El mundo se ha quedado sorprendido ante lo que pretende hacer un país con la energía del futuro. Va por libre, sin hacer caso al resto de naciones. El ser humano necesita descarbonizar y está en la búsqueda desesperada de nuevos combustibles. Así es como se ha llegado a hablar del futuro de la energía y un nuevo escenario de posibilidades se ha abierto ante los usuarios.
Se ha hablado sobre combustibles ecológicos, electricidad, fusiones entre diferentes elementos… Un gran número de investigadores y expertos buscan miles de maneras para que el ser humano esté un poco más cerca de su objetivo.
Aunque con esfuerzo, parece que lo estamos logrando, pero no todos los países van al mismo ritmo y eso es lo que podría traer consecuencias.
La energía del futuro avanza y esta es su situación real
La energía del futuro a la que el mundo mira con lupa es el hidrógeno, pero no hay un solo tipo de H y este aspecto es en el que hay que reparar. Hoy hablaremos de dos tipos: el hidrógeno verde y el hidrógeno verde. Tienen claras diferencias, aunque los australianos no parecen estar contemplándolo.
El hidrógeno puede ser un elemento clave en la transición energética de Australia al brindar formas adicionales de almacenar y mover energía. Conforme el mundo avanza hacia una generación de energía más limpia, existe un impulso para hacer que la producción de H también sea más limpia.
En Australia, esta producción se hace de dos formas. Un método genera el llamado hidrógeno verde. Usa electricidad originada a partir de energías renovables, como la solar, la eólica o la hidroeléctrica, para “romper” el agua en corrientes separadas de H y oxígeno.
Otra fórmula da como resultado hidrógeno azul. Este mecanismo separa el hidrógeno de una mezcla de gases obtenidos a partir de combustibles fósiles (carbón o gas natural), usando tecnologías de captura de carbono para enfrentar las emisiones.
El hidrógeno es la energía del futuro y Australia lo tiene muy claro
Aunque hablemos de este componente con colores, el producto que resulta de ambos procedimientos es incoloro y las dos opciones son técnicamente viables. Frente a estas dos maneras de crear hidrógeno y el auge de este elemento, la Organización Científica e Industrial de Commonwealth hizo una encuesta para saber qué pensaba el público sobre el H y su producción.
El estudio arrojó una ligera diferencia en las actitudes de los encuestados hacia los métodos cuando fueron descritos sin colores. Su proceso no tuvo mucho impacto en la disposición de los ciudadanos de aceptar los diversos usos del H.
La producción del hidrógeno se hace pensando en su aplicación en diferentes campos: el transporte, la calefacción y usos industriales, razón por la que la agencia independiente del gobierno federal australiano quiso tomar en cuenta la opinión de los ciudadanos.

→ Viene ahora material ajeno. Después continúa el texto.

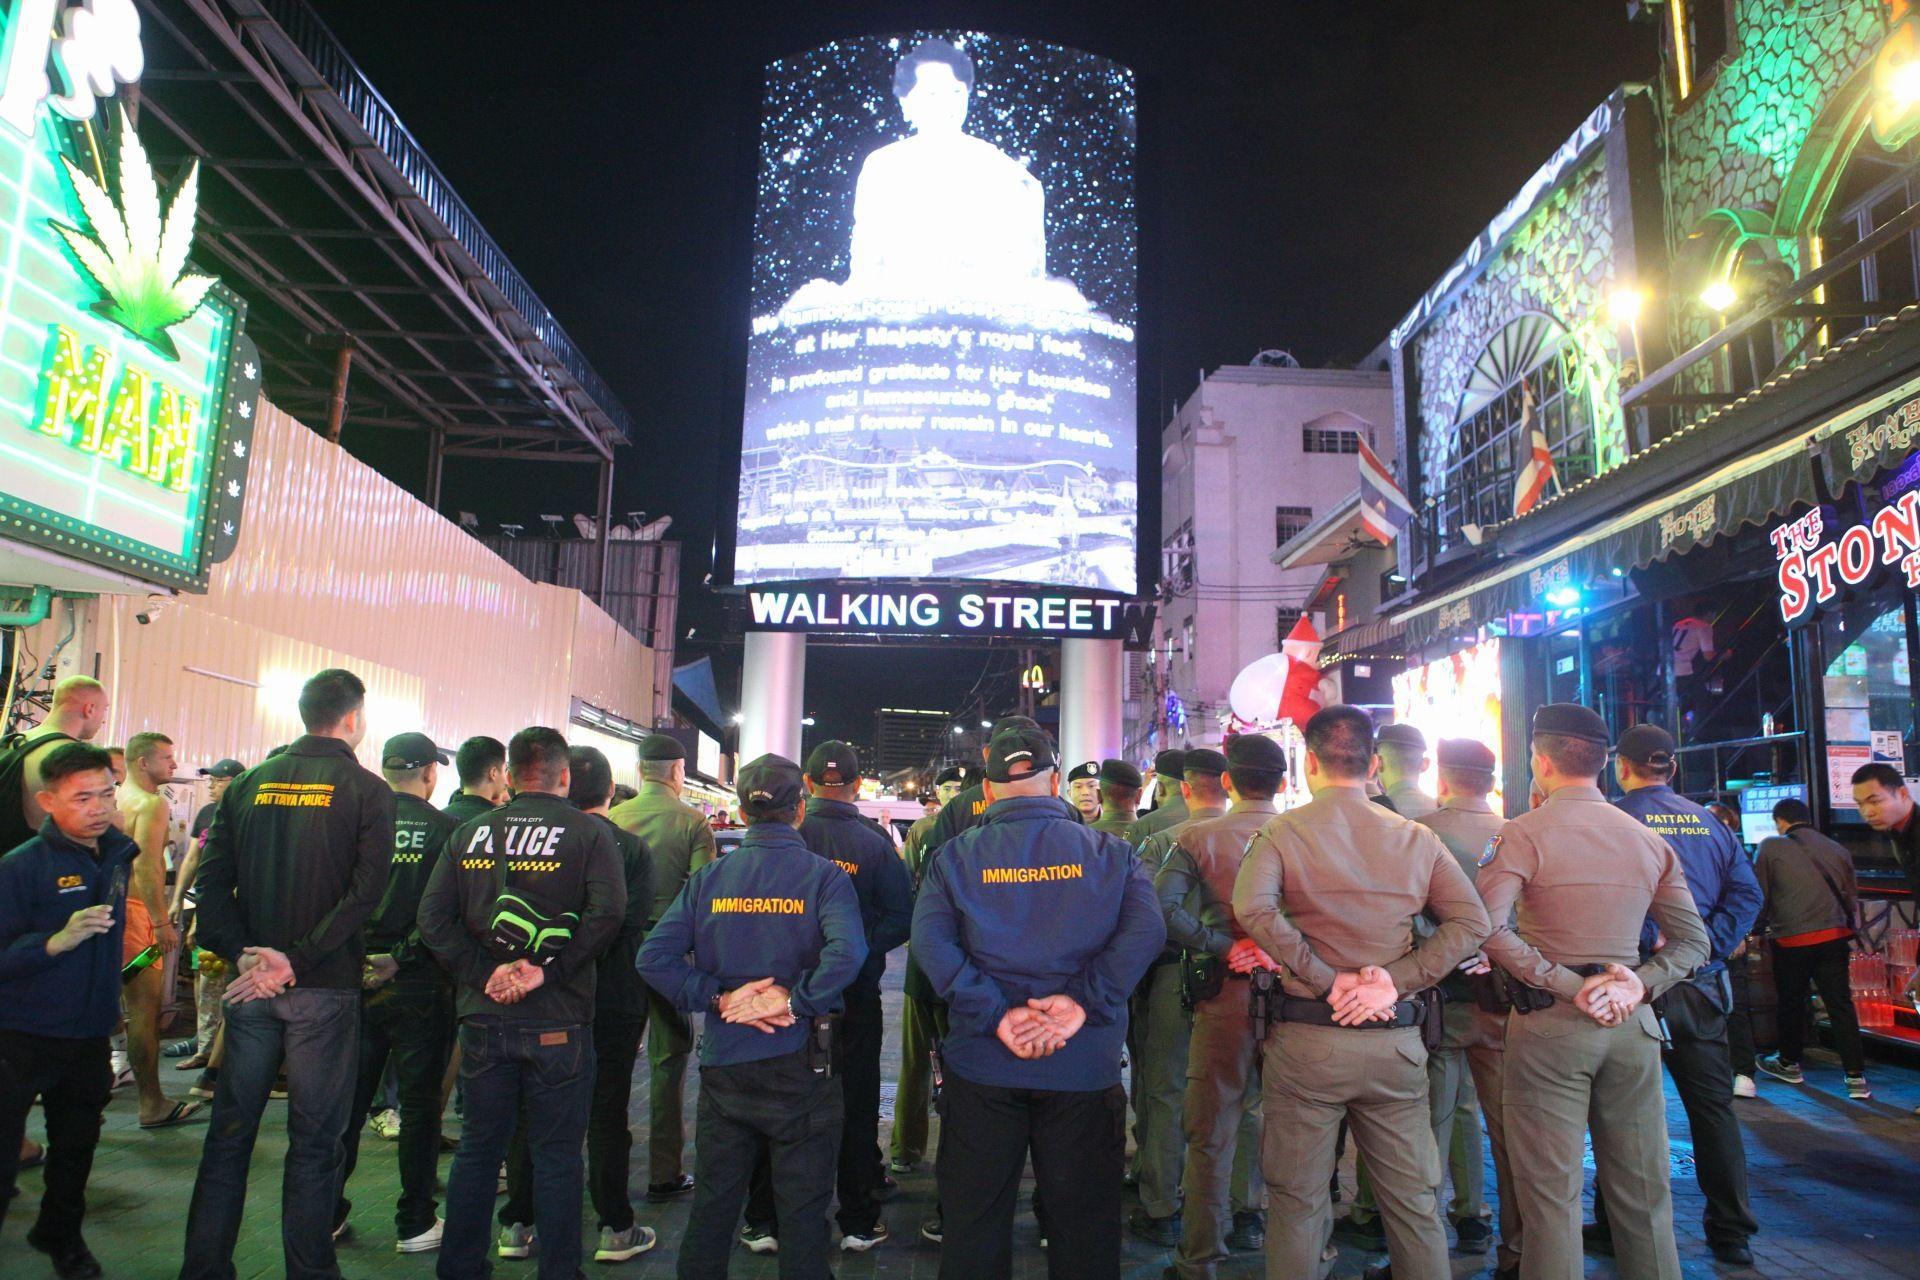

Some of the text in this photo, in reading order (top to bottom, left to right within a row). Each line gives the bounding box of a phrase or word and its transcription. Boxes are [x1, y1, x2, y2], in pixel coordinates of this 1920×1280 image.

[795, 336, 815, 354] at
[822, 331, 859, 350] Her
[866, 326, 972, 348] Majesty's
[979, 332, 1034, 352] royal
[789, 364, 863, 392] profound
[868, 362, 950, 385] gratitude
[956, 364, 984, 382] for
[989, 366, 1024, 384] Her
[1028, 369, 1111, 399] boundless
[38, 323, 201, 494] MAN
[825, 390, 858, 408] and
[863, 389, 991, 406] immeasurable
[766, 420, 811, 440] which
[815, 414, 855, 434] shall
[860, 414, 925, 430] forever
[930, 414, 994, 432] remain
[1001, 416, 1018, 434] in
[1024, 422, 1055, 437] our
[1770, 506, 1824, 560] THE
[1778, 490, 1920, 623] STON
[750, 592, 1121, 631] WALKING STREET
[254, 792, 333, 807] PATTAYA POLICE
[1645, 813, 1701, 824] PATTAYA
[1680, 827, 1711, 836] POLICE
[982, 863, 1083, 884] IMMIGRATION
[711, 897, 804, 914] IMMIGRATION

La energía del futuro está por todas partes: tiene sus matices
Pese a que hay planes para aprovechar el hidrógeno en otros usos, como la propulsión de vehículos, el H ha tenido varios usos industriales durante diferentes periodos de tiempo. Por ejemplo, hoy, se usa principalmente para la fabricación de otros productos químicos, como el amoníaco para fertilizantes nitrogenados.

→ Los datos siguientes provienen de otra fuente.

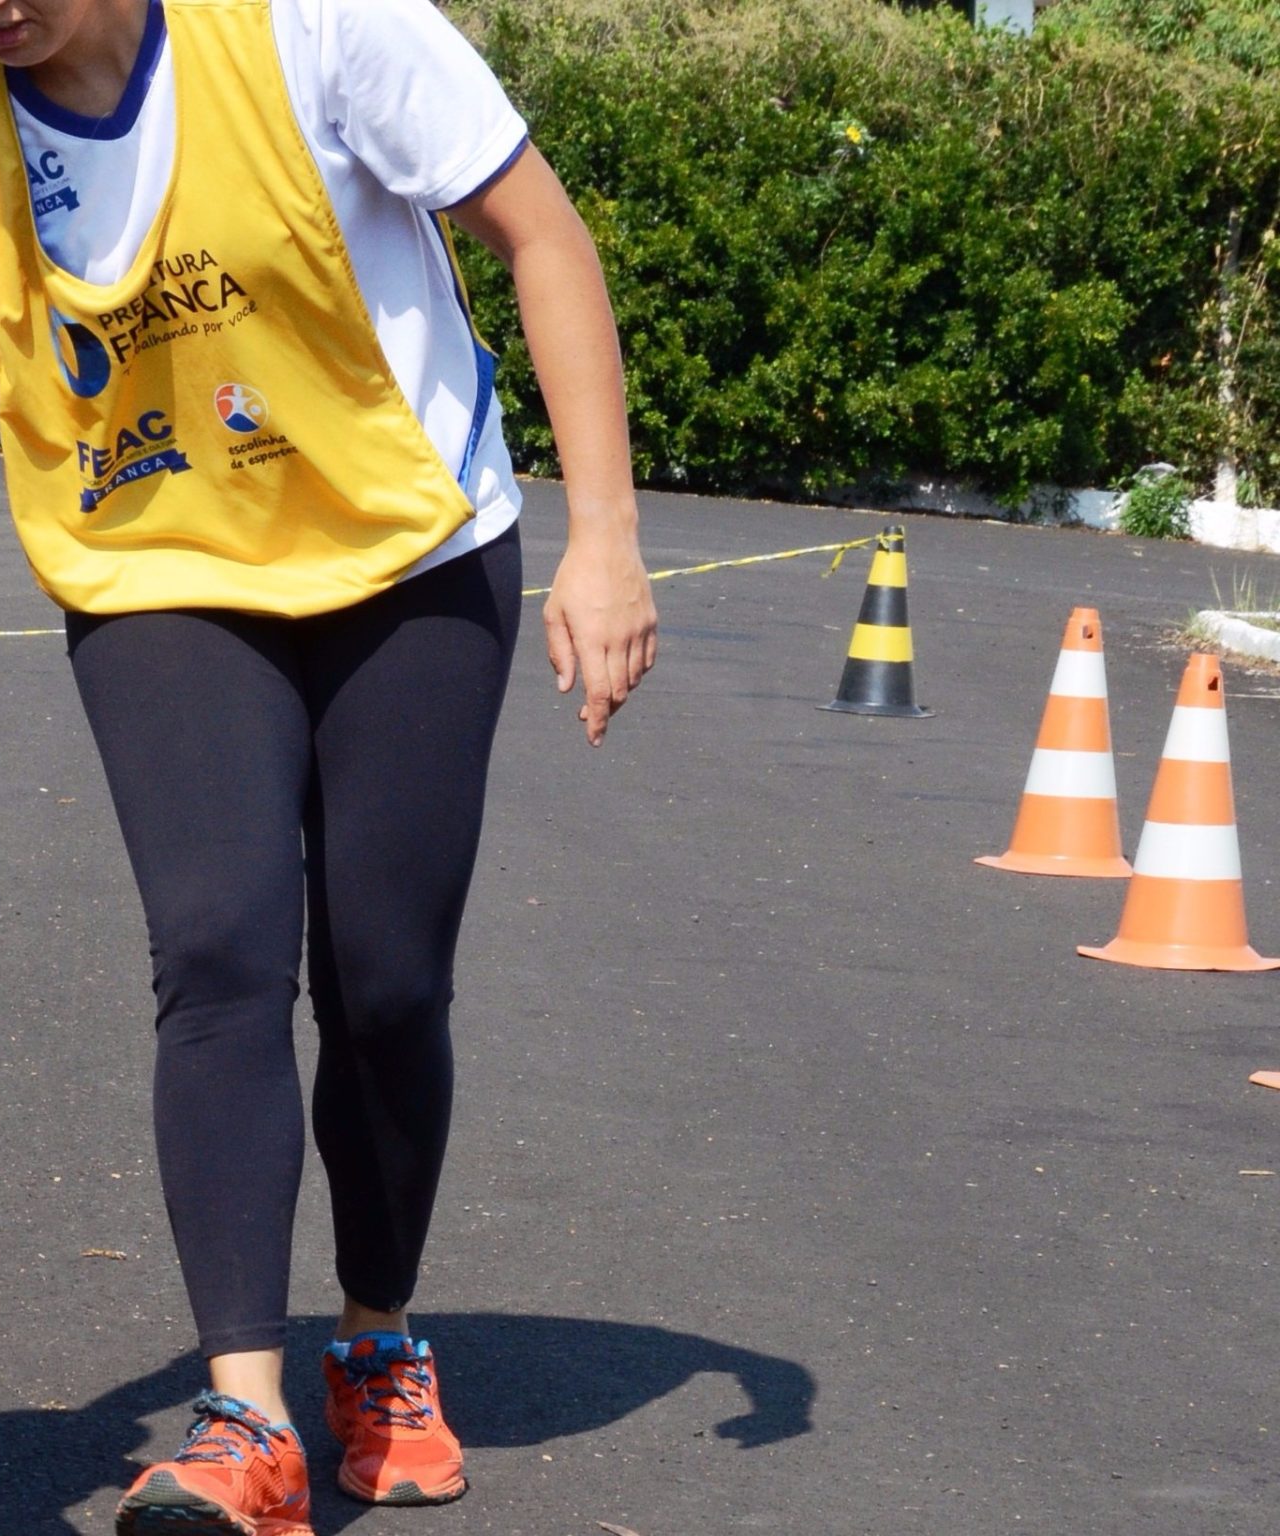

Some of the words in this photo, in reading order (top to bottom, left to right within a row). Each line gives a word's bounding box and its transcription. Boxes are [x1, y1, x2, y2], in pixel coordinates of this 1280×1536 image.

[26, 150, 65, 185] AC
[203, 321, 223, 337] por
[76, 410, 172, 478] FEAC
[228, 434, 288, 455] escolinha
[231, 459, 244, 470] de
[248, 446, 298, 465] esportes
[93, 457, 166, 501] FRANCA

No obstante, por ahora, la mayor parte del hidrógeno producido mundialmente utiliza combustibles fósiles (que emiten carbono) para su obtención. En estos momentos, la atención de la industria está puesta en conseguir hidrógeno de bajas emisiones.
Hasta ahora, se distinguía entre hidrógeno verde y azul para otorgar prioridad al que es realmente cero emisiones, pero este punto parece estar siendo pasado por alto por los ciudadanos australianos. La energía del futuro ya ha sido identificada, pero lo que preocupa son las pocas diferencias en su opinión respecto a un método y otro.
Un análisis posterior expuso que las personas a favor del cuidado al medio ambiente apoyan más la producción del hidrógeno verde. En contraposición, los ciudadanos con actitudes más débiles a favor del medio ambiente se mostraron más compenetrados con el H azul.
A pesar de que el primer análisis no mostró muchas diferencias, en el segundo se ve que aquellos que se preocupan por el medio ambiente ven más factible la llegad a la descarbonización con el hidrógeno verde con el azul.
Mientras la industria se decide, siguen apareciendo en escena diferentes tipos de hidrógeno, como el hidrógeno rojo.